La leçon de Maître Macron

La leçon de Maître Macron

Paris Vox (Tribune) – Chaque semaine, en partenariat avec Radio Libertés, nous publions la retranscription écrite de la chronique d’actualité et d’analyse d’Arnaud De Robert. Aujourd’hui, il se penche sur les presations télévisées du président Macron. 


Finalement, une salle de classe c’est bien trouvé pour raconter des histoires aux enfants. Aux 67 millions d’enfants qui semble-t-il peuplent la classe de maître Macron. Décidément, ce type est incapable de quitter l’ambiance « éduc nat » de ses premiers amours … Bref, comme je me sens définitivement un mauvais élève de cette classe, je viens ce matin vous conter ma version du cours qu’a reçu le brave Pernault et de la leçon qui a suivi hier soir devant les élèves Plenel et Bourdin.

J’espère enfin que ceux qui ont encore des doutes ont compris avec ces deux séquences successives ce que signifie l’ingénierie sociale. Nous avons eu en effet le droit au déploiement de toute la panoplie et sur tous les sujets : story telling, reality building, fabrique du consentement, contrôle mental … Mais surtout une capacité extraordinaire au mensonge. Le mensonge n’a rien de nouveau, les politiques en font un usage immodéré depuis les temps antiques. Mais la nouveauté réside ici dans la sophistication de ce mensonge. Avec Macron, le mensonge s’habille, se technologise, se fait précis, construit, ciselé. La puissance de ce mensonge réside d’ailleurs dans la superbe cohérence apparente du récit, des récits.

Avec Macron, le mensonge s’habille, se technologise, se fait précis, construit, ciselé. La puissance de ce mensonge réside d’ailleurs dans la superbe cohérence apparente du récit, des récits.

Ceci me rappelle la glaciale phrase d’un des tenants de l’Ecole de Palo Alto, je cite : « La réalité n’a aucune importance, il n’y a que la perception qui compte ». Ce constructivisme radical quasi démiurgique de constitutions d’hallucinations collectives, partagées, normalisées et définissant la pseudo-réalité commune est servi avec brio par un Macron au calme olympien. Oui, olympien tant le contraste avec les deux roquets Plenel et Bourdin a semblé fort. De fait, Emmanuel Macron à presque passé la moitié de son temps à démonter, à déconstruire les questions qui n’en étaient pas des deux starlettes du P.A.F. On était presque sur un remake du débat de l’entre-deux tours avec Marine Le Pen. Ce calme est la marque de moule oligarchique. Il s’apprend comme je l’ai déjà dit dans les pouponnières financières d’où vient Macron. Par comparaison, les deux journaleux fielleux ont semblé venir d’un autre monde, d’où ils viennent d’ailleurs. C’est le monde d’avant, celui de la politique du vingtième siècle, encore une guerre et une compréhension de retard.

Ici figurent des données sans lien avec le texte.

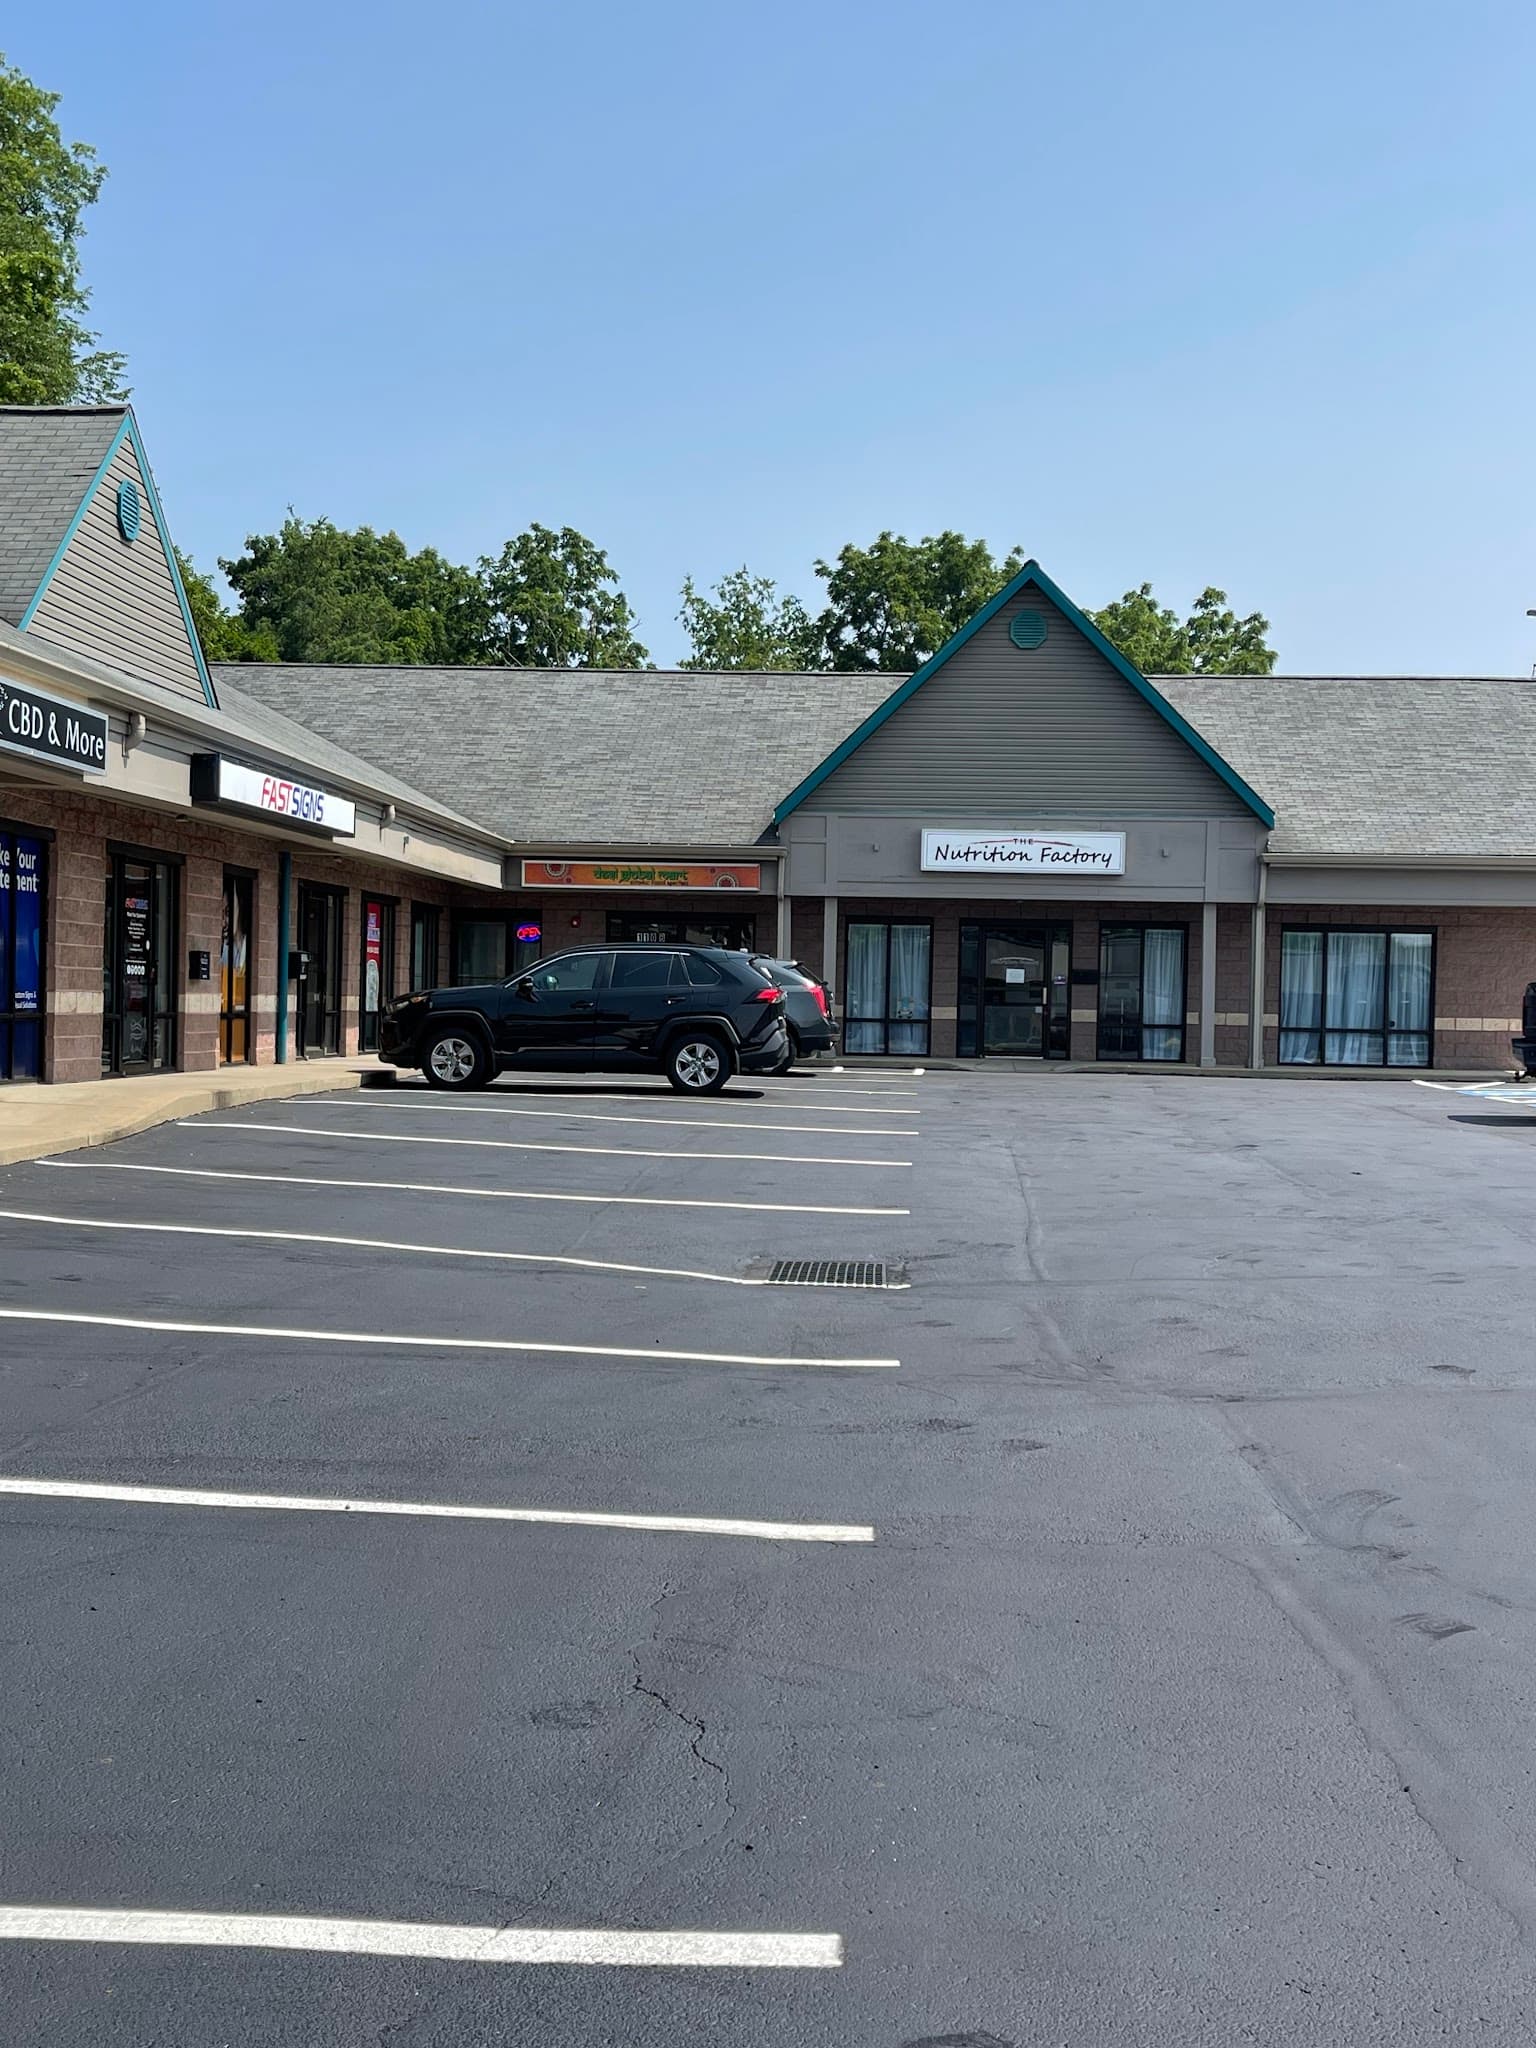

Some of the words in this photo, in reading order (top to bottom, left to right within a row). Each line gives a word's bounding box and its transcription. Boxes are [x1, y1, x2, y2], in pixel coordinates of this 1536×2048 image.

[8, 698, 44, 739] CBD
[47, 711, 61, 746] &
[64, 717, 104, 760] More
[260, 776, 325, 822] FASTSIGNS
[934, 844, 1032, 863] Nutrition
[1040, 846, 1112, 868] Factory
[1012, 837, 1034, 846] THE

Mais revenons au contenu « pédagogique » – mot à la mode au sein des équipes macroniennes – de l’entretien. Cette pédagogie vise en fait à stabiliser les relations causales falsifiées par le pouvoir. Les zadistes deviennent des casseurs professionnels, le bombardement de la Syrie se fonde sur des preuves pour le moment inexistantes, non fournies et surtout non demandées par les journalistes, l’agression de la Syrie devient une « réponse de la communauté internationale » même si elle défie le droit du même nom et les instances onusiennes qui deviennent caduques. Les cheminots ne sont pas loin de devenir des feignants et la réforme sert de dogme religieux. Tout cela est tellement énorme que tout le monde devrait bondir, mais il n’en est rien. Car cet illusionnisme, cette prestidigitation appliquée à tout le champ social est sentencieusement servie par une rhétorique de l’apparence qui est en fait une rhétorique de l’arrogance mais impitoyablement lisse, transparente, désespérément horizontale. Aucune aspérité du discours, aucune émotion, aucune vibration. On sait que tout cela sert à construire une réalité truquée mais on reste amorphe, hébété, sans réaction. La communication de Macron est une arme de destruction massive, un totalitarisme mou, mais dur, mais mou contre lequel taper ne sert finalement à rien. Langage de coton mais vraie violence institutionnelle, vraie violence symbolique. C’est sûrement cela le totalitarisme soft. Un mélange des Bisounours, de Robocop, le tout appuyé par des intraveineuses massives d’anesthésiants. Dès lors, la question centrale est bien celle de savoir si s’opposer à cette machine à réécrire le monde n’est pas tout simplement vain voire contre-productif. La réponse ne se trouverait-elle pas dans l’urgente nécessité qui est la nôtre de nous mettre à produire notre propre réalité, à construire notre propre contre-société ? Le débat est ouvert. Bonne semaine.